Panagiotis Voukelatos

Personal information
- Full name: Panagiotis Voukelatos
- Born: 7 April 1983 (age 41) Patras, Greece
- Height: 1.70 m (5 ft 7 in)
- Weight: 73 kg (161 lb)

Team information
- Discipline: Track
- Role: Rider
- Rider type: Sprinter

= Panagiotis Voukelatos =

Greek cyclist (born 1983)

Panagiotis Voukelatos (Παναγιώτης Βουκελάτος; born 7 April 1983 in Patras) is a Greek amateur track cyclist. He has won three men's team sprint titles at the Greek Championships (2004, 2005, and 2006), and later represented Greece at the 2008 Summer Olympics.

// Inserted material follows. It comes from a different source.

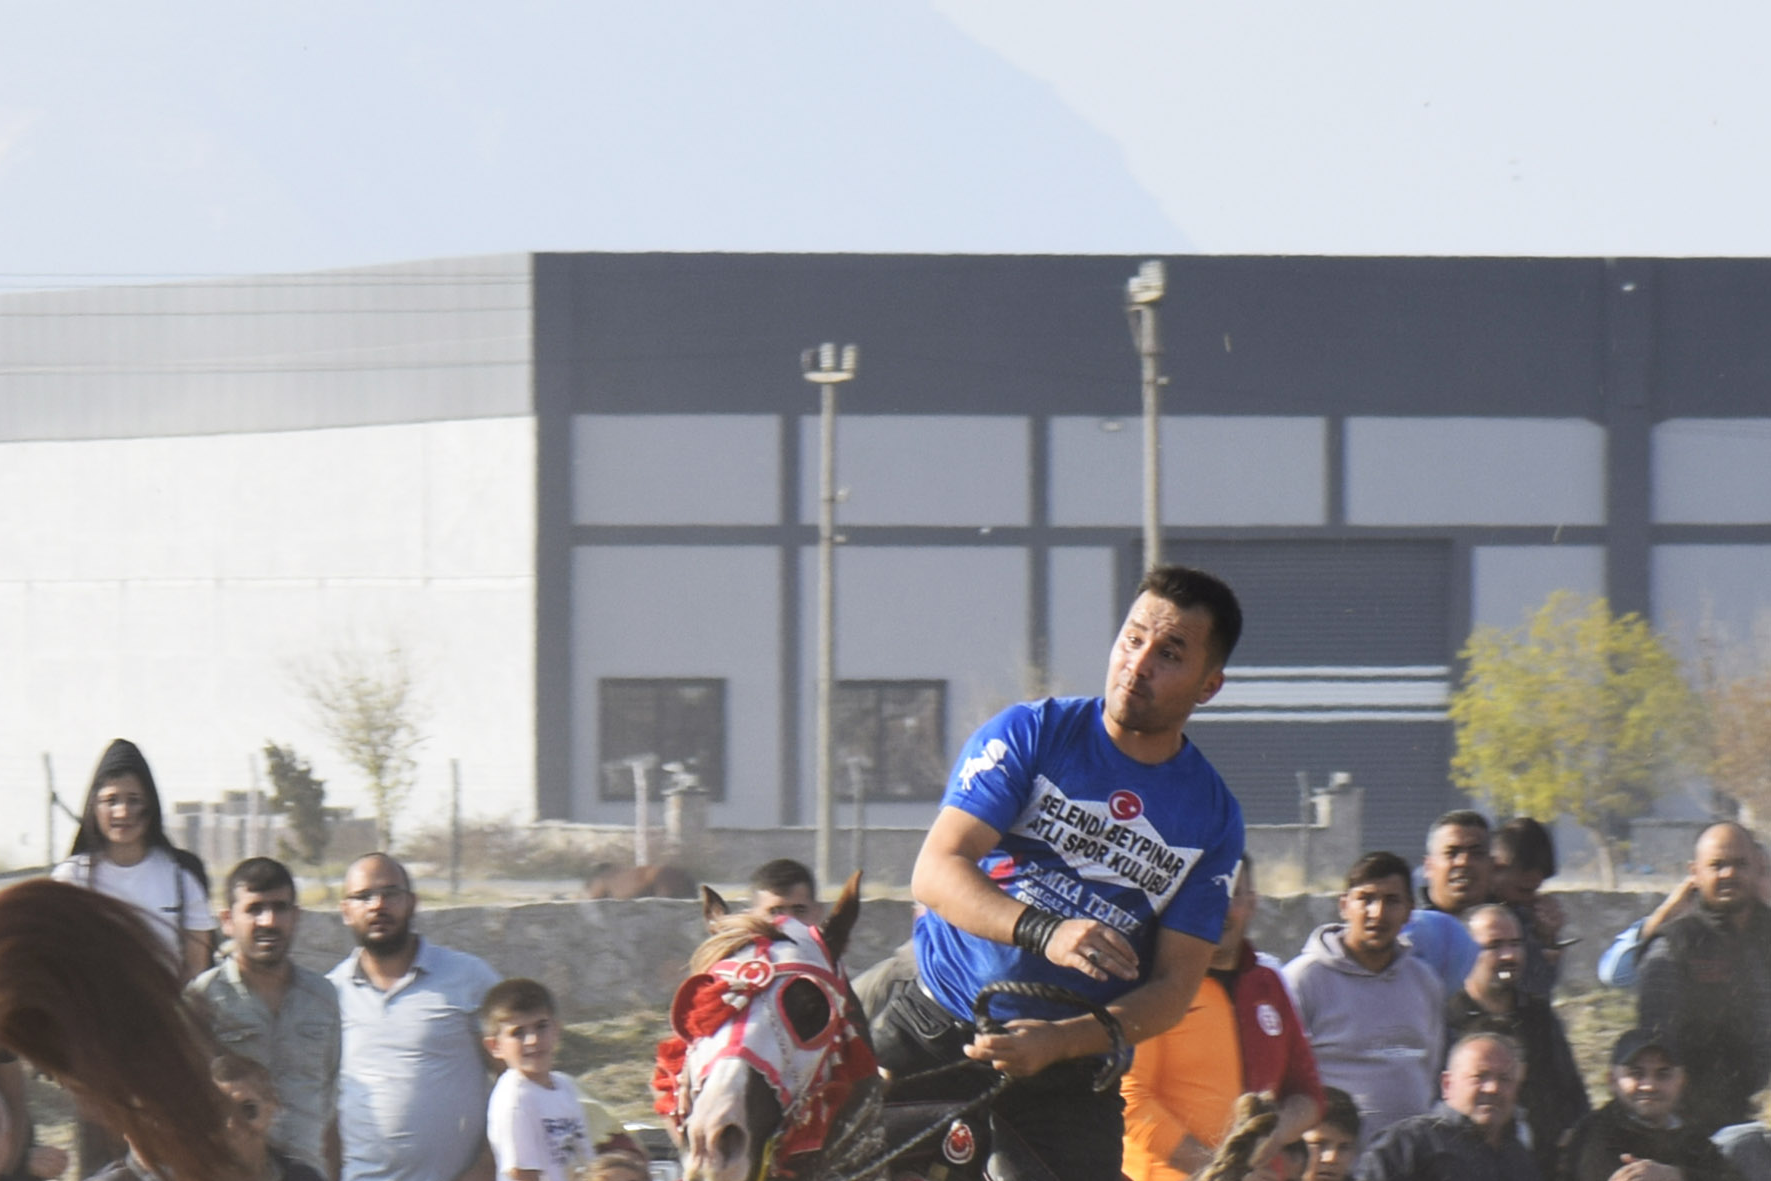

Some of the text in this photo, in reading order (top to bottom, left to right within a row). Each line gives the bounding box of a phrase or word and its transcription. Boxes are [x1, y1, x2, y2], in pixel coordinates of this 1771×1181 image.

[1026, 816, 1173, 896] ATLI SPOR KULÜBÜ
[1039, 793, 1185, 878] SELENDİ BEYPINAR

Voukelatos qualified for the Greek squad in the men's team sprint at the 2008 Summer Olympics in Beijing by receiving a berth for his team based on the nation's selection process from the UCI Track World Rankings. Teaming with Athanasios Mantzouranis and Vasileios Reppas, Voukelatos recorded a time of 45.645 and a speed of 59.152 km/h to deliver the Greek trio a tenth-place finish in the prelims.

==Career highlights==

- 2004
- 1 Greek Championships (Team sprint), Novices (GRE)
- 3 Greek Championships (Team pursuit), Greece
- 2005
- 1 Greek Championships (Team sprint), Greece
- 2006
- 1 Greek Championships (Team sprint), Greece
- 2007
- 1 Athens Open Balkan Championships (Team sprint with Athanasios Mantzouranis and Christos Volikakis), Athens (GRE)
- 2008
- 10th Olympic Games (Team sprint with Athanasios Mantzouranis and Vasileios Reppas), Beijing (CHN)
- 2012
- 2 Greek Championships (Team sprint), Athens (GRE)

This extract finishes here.